And yet it is now, after a century of legislation to ensure clean air, clean water and unadulterated foods, that 90 percent of American students believe that foods affect how they feel, and that 20 percent of the population believe they have food allergies – even though only one percent actually do. It is now that our buildings are declared sick, that people are allergic to the twentieth century and go and live in oxygen tents, and that Californian department stores declare themselves fragrance-free zones, to prevent the chemically sensitive from collapsing on their premises. It is now that wearing perfume has been made an offence in Halifax, Nova Scotia, and that a man has been charged with attempted murder for exposing his chemically sensitive wife to perfume.

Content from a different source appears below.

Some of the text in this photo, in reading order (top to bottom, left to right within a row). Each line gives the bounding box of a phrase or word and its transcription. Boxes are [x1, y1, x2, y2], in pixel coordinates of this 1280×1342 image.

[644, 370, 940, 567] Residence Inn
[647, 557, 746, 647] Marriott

It is against this background that we can start to understand the size and scale of the response to the anthrax episode in the USA.

From a technical perspective, anthrax is a rather poor weapon – like many chemical and biological agents it is unpredictable, hard to deliver, as likely to hurt friend as hurt a foe, and of little military use. This is why governments have signed up to a series of treaties banning it – not solely because of moral outrage, but because they don’t think it is very useful in fighting wars. They don’t ban things such as tanks or automatic rifles, which are useful weapons.

Anthrax is a poor weapon except in one sense – the generation of fear.

Anthrax is exceptionally well-adapted as a weapon of terrorism, in which the aim is not to kill large numbers of people, but to create fear, mistrust and suspicion, and to destroy trust in institutions, especially those designed to protect us.

We only have ourselves to blame for allowing this to happen. Anthraxiety and World Trade Centre Syndrome are the latest consequences of an ideology that tells us that our physical environment is responsible for most of our bodily discomforts and ills. We have created a climate in which a maverick, disgruntled individual can bring a society to its knees by adding anthrax to a letter.

Simon Wessely is professor of psychiatry at King’s College London, and is speaking at the spiked conference After 11 September: Fear and Loathing in the West, on Sunday 26 May at the Bishopsgate Institute in London. See here for full details.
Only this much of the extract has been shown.